Check if a Singly Linked List is a Palindrome-Interview Problem

Difficulty: Medium
Asked in: Amazon, Microsoft, Adobe, Flipkart

Understanding the Problem:

Given a singly Linked List, you have to find out whether the linked list is a palindrome or not. A palindrome is nothing but a string or number which is same whether you read it from right to left or left to right. It is like the string and its mirror image both are same.

For example,

Input: 1->2->2->1->NULL
Output: Yes
Input: 7->7->7->NULL
Output: Yes
Input: 1->2->3->NULL
Output: No

Possible follow-up questions to ask the interviewer: →

  • Is the data value of the given Linked List is only numbers? (Ans: No, the data values can be anything.)

Linked List’s Node Class

class ListNode
{ 
    int data
    ListNode next
}

Solutions

We are going to discuss three different ways to approach this problem. Also, we will be writing the pseudo-codes for all the three possible solutions.

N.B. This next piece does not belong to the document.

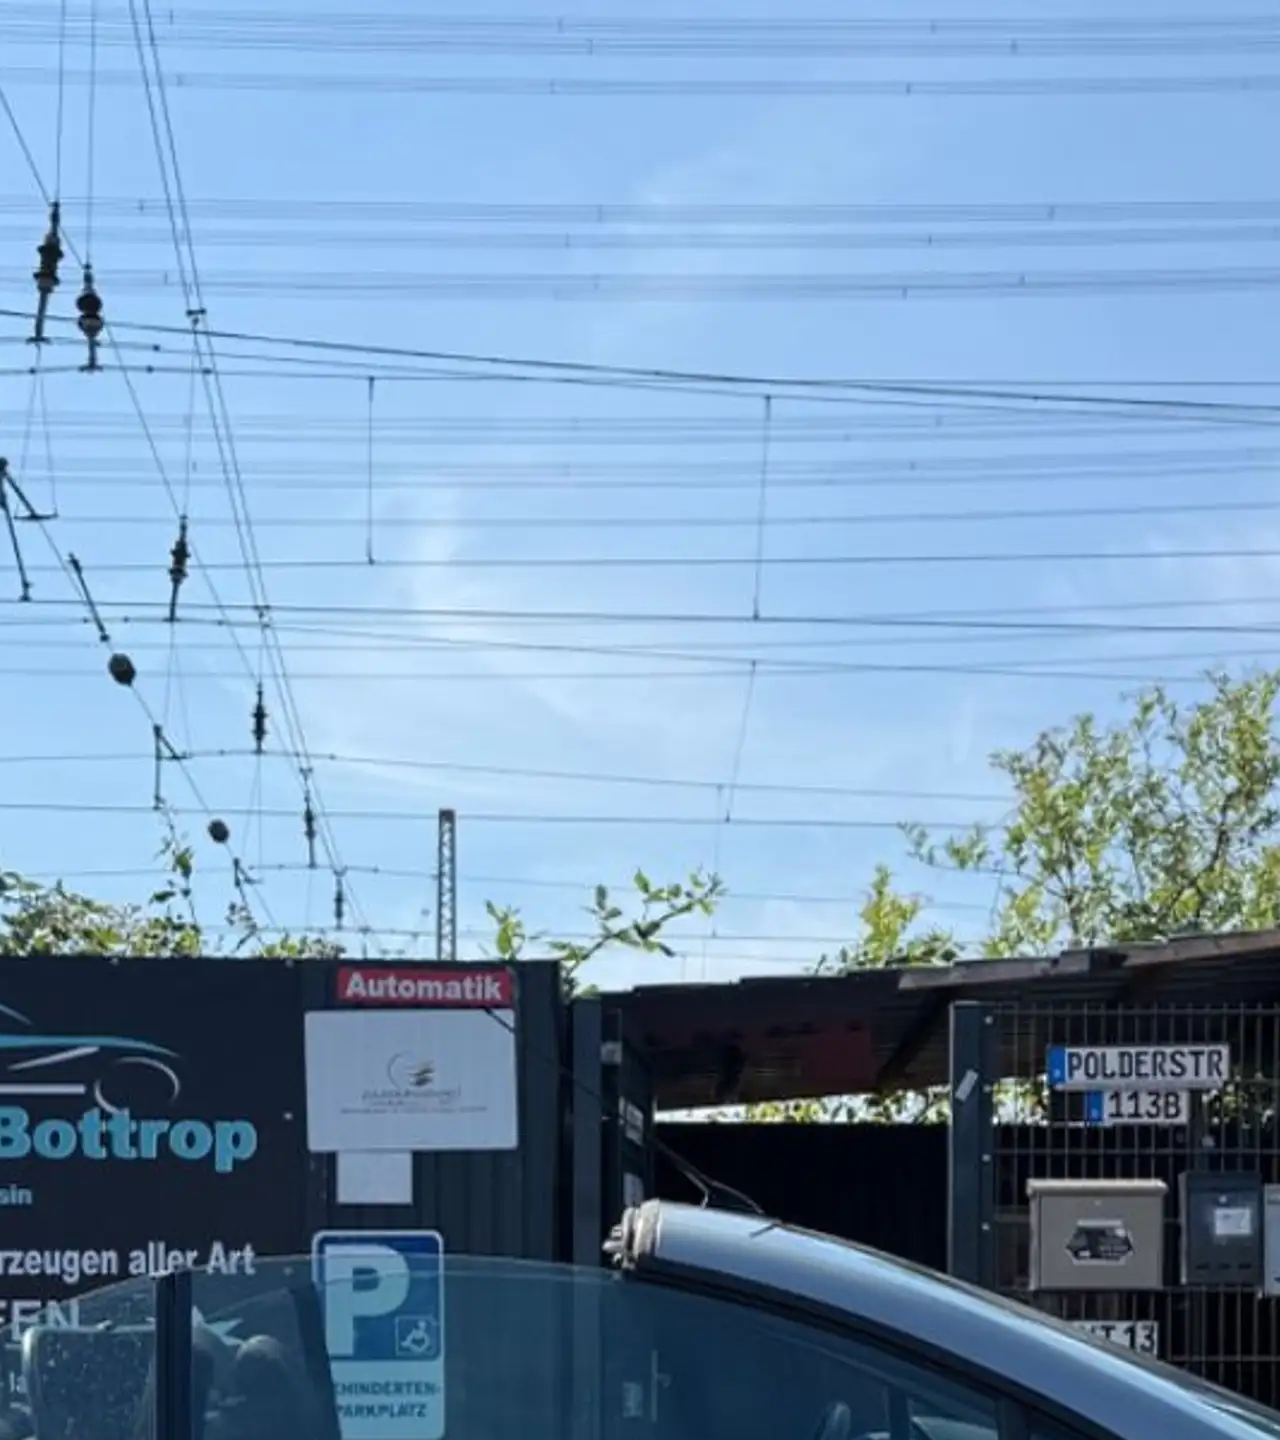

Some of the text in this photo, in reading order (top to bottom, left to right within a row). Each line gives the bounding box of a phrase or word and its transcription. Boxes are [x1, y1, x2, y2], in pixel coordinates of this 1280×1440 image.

  • Solution Using Stack: Here we will be using the stack data structure. Stack has a property that the element inserted first will be taken out last. This property will help us to find whether the given Linked List is palindrome or not.
  • Solution By Reversing the Second Half: By reversing the second half, and making a little observation we can solve this problem easily.
  • Solution with Recursion: We will here make use of recursion stack in a much smarter way to find our solution.

Solution Using Stack

Solution idea

The idea is very simple and straight-forward, we all know that stack is based on FILO(First In Last Out) principle. We will keep pushing all the elements of Linked List into the stack and once the linked list is fully traversed we will start popping the elements out of the stack and comparing with the linked list’s elements.

For better understanding the approach, let’s see an explanation: →

Given Linked List is : 1->2->2->1->NULL

Initially, our stack S is empty, we will start pushing elements of the linked list one after the other:

S = 1 (pushing 1)
S = 1 2 (pushing 2)
S = 1 2 2 (pushing 2)
S = 1 2 2 1 (pushing 1)

Now we will start popping an element out of the stack and comparing it with the linked list’s data starting from the head.

1(S.top) == 1(Linked List’s head)
2(S.top) == 2(Linked List’s head.next)

Similarly, if all the elements from both stack and linked list get matched as in this case, we can conclude that the linked list is a palindrome.

Solution steps
  • We will create a stack S and push all the elements of the Linked List into the stack.
  • Then we will pop the elements one by one from the stack and compare it with the data present in the Linked List sequentially.
  • If there is any mismatch in comparison, we can conclude that the Linked List is not a palindrome else it is a palindrome.
Pseudo-code
boolean isListPalindrome(ListNode head)
{
  // if the linked list is empty or having only one node
  if(head == NULL or head.next == NULL)
     return True
  stack <List Datatype> S
  ListNode temp = head
  // traversing the linked list and pushing the elements into stack
  while(temp is not NULL)
  {
     S.push(temp.data)
     temp=temp.next
  }
  temp = head
  // again traversing the linked list to compare
  while(temp is not NULL)
  {
     topOfStack = S.top()
     S.pop()
     if(topOfStack is not equal temp)
        return False
     temp=temp.next
  }
  return True
}
Complexity Analysis

Time Complexity: O(L), where L is the length of the given linked list.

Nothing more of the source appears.